On the day she moved away from Mesa, Ariz., to California in March 2008, instead of waving good-bye Alexander gave her a rude gesture with both hands, she told the court today.
In the middle of May, 2008, Arias wrote Alexander an email from California saying that she was tired of him keeping their relationship and friendship a secret, and was going to distance herself from him.
"The entire extent of our association was a secret. I just tolerated it and tolerated it and tried not to let myself think about it," Arias said about her motivation for writing the letter. "I didn't want him to feel obligated to be my friend to spare my feelings."
She told Alexander she was going to "be proactive and remove (herself) from the list of people you have to worry about," but that she loved him and would always be his friend and confidante.
Alexander exploded when he received the email, Arias said today. He wrote angry instant messages to her by computer and cruel text messages after.
The testimony has followed four days of accusations that paint Alexander as increasingly abusive and sex-obsessed. Arias has claimed Alexander pushed her to the floor, kicked her in the ribs, and broke one of her fingers during an argument.
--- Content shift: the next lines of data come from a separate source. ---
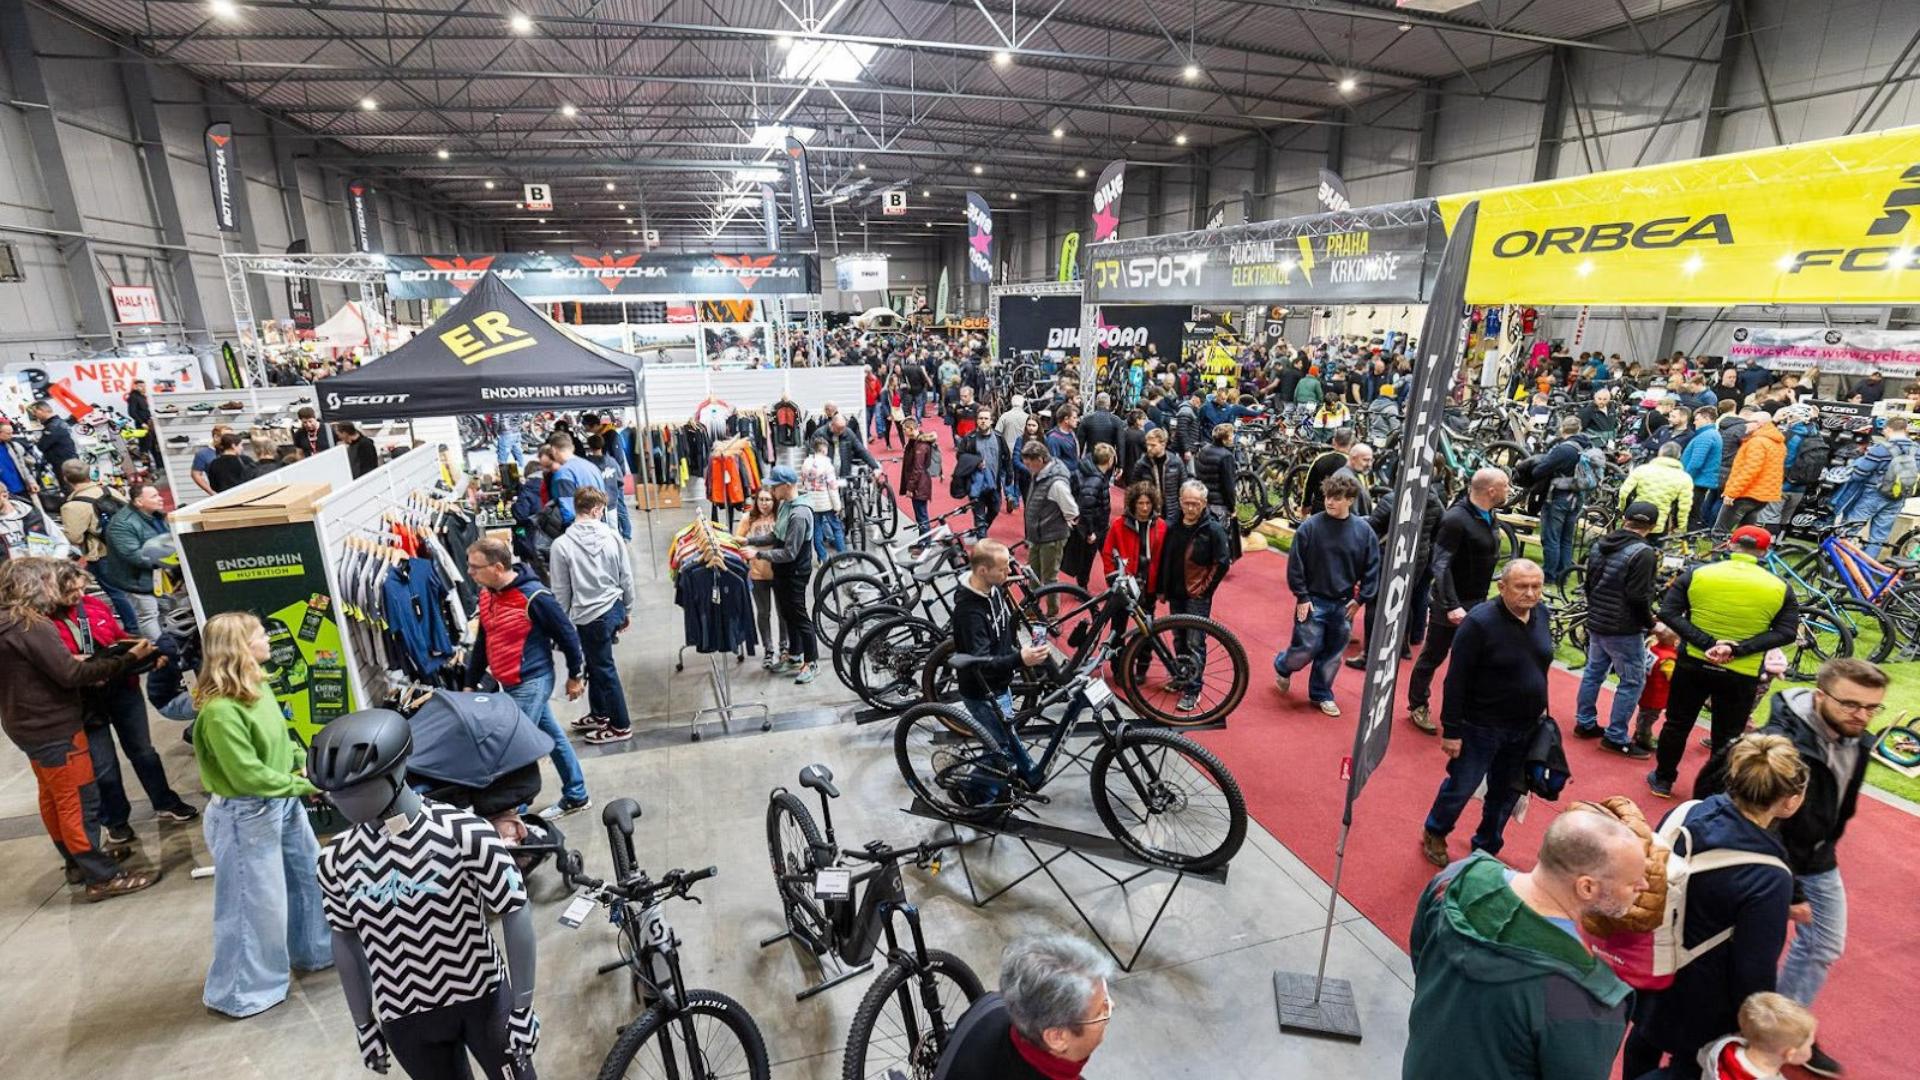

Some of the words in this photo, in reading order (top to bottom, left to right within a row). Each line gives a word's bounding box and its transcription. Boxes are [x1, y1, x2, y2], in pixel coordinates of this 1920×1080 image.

[216, 148, 233, 228] BOTTECCHIA
[530, 187, 544, 200] B
[1093, 173, 1124, 213] BIKE
[891, 194, 902, 206] B
[1326, 231, 1369, 258] PRAHA
[1493, 213, 1735, 259] ORBEA
[1330, 251, 1400, 283] KRKONOŠE
[1788, 245, 1920, 273] FO
[401, 267, 525, 281] BOTTECHIA
[552, 266, 667, 279] BOTTECCHIA
[692, 266, 800, 279] BOTTECCHIA
[439, 310, 529, 358] ER
[74, 361, 138, 381] NEW
[101, 380, 137, 393] ER
[342, 394, 410, 405] SCOTT
[481, 385, 560, 400] ENDORPHIN
[564, 383, 627, 397] REPUBLIC
[216, 552, 302, 571] ENDORPHIN
[236, 568, 289, 578] NUTRITION
[688, 1000, 728, 1010] MAXXIS
In addition, she testified that Alexander told her that he was sexually attracted to young children and wanted to make a pornographic movie with her.
Arias' defense attorneys hope the details of the couple's sex life will help convince the jury that Alexander became so threatening to Arias that she had to kill him in self-defense.
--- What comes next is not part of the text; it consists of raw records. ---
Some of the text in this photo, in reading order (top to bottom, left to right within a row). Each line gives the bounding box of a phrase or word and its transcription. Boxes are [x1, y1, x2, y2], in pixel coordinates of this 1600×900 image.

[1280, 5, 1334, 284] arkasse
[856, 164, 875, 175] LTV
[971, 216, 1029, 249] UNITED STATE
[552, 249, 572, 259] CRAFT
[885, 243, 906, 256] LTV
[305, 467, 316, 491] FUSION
Though she has been on the stand for five days, Arias has not yet described what happened on June 4, 2008, when she stabbed, slashed, and shot Alexander in his bathroom after a day of having sex and taking nude photos.
Arias is charged with Alexander's murder and could face the death penalty if convicted.
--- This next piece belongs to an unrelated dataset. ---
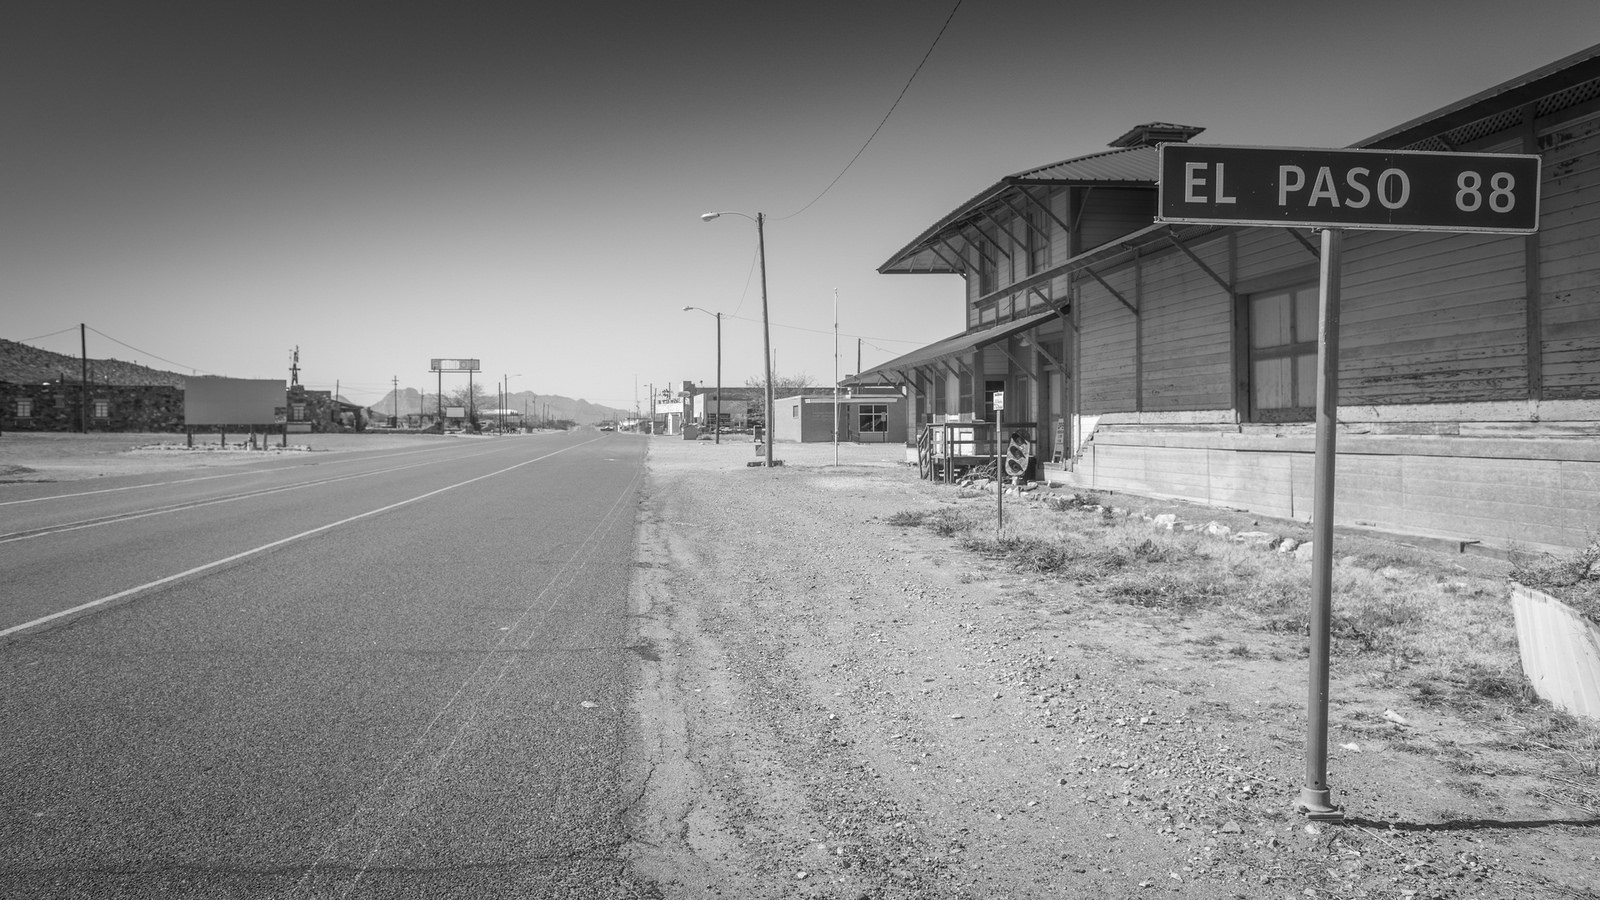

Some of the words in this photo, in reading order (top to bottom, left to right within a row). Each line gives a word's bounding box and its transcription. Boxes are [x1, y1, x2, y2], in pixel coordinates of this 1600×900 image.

[1184, 161, 1237, 204] EL
[1278, 165, 1411, 210] PASO
[1455, 170, 1516, 213] 88
Earlier in the day, the judge presiding over the homicide trial rejected Arias' plea to remove the possibility of the death penalty if she is convicted.
Judge Sherry Stephens made her ruling after defense attorney Kirk Nurmi argued for a mistrial as he and prosecutor Juan Martinez became increasingly tense with one another.
Nurmi said that Martinez had violated a court order by having potential witnesses who were watching the trial at home text him helpful information, including inconsistencies in testimony. A friend of Alexander's testified this morning that she had been in contact with Martinez's paralegal while watching the trial at home, contacting the paralegal whenever she had helpful information about testimony she heard.
He said that violated the judge's order that witnesses not watch trial.
"To impose no sanction is to condone the behavior, to say that there no consequences for that kind of behavior," Nurmi said, alleging that Martinez's misconduct had pervaded Arias' trial and made it impossible for her to receive a fair trial.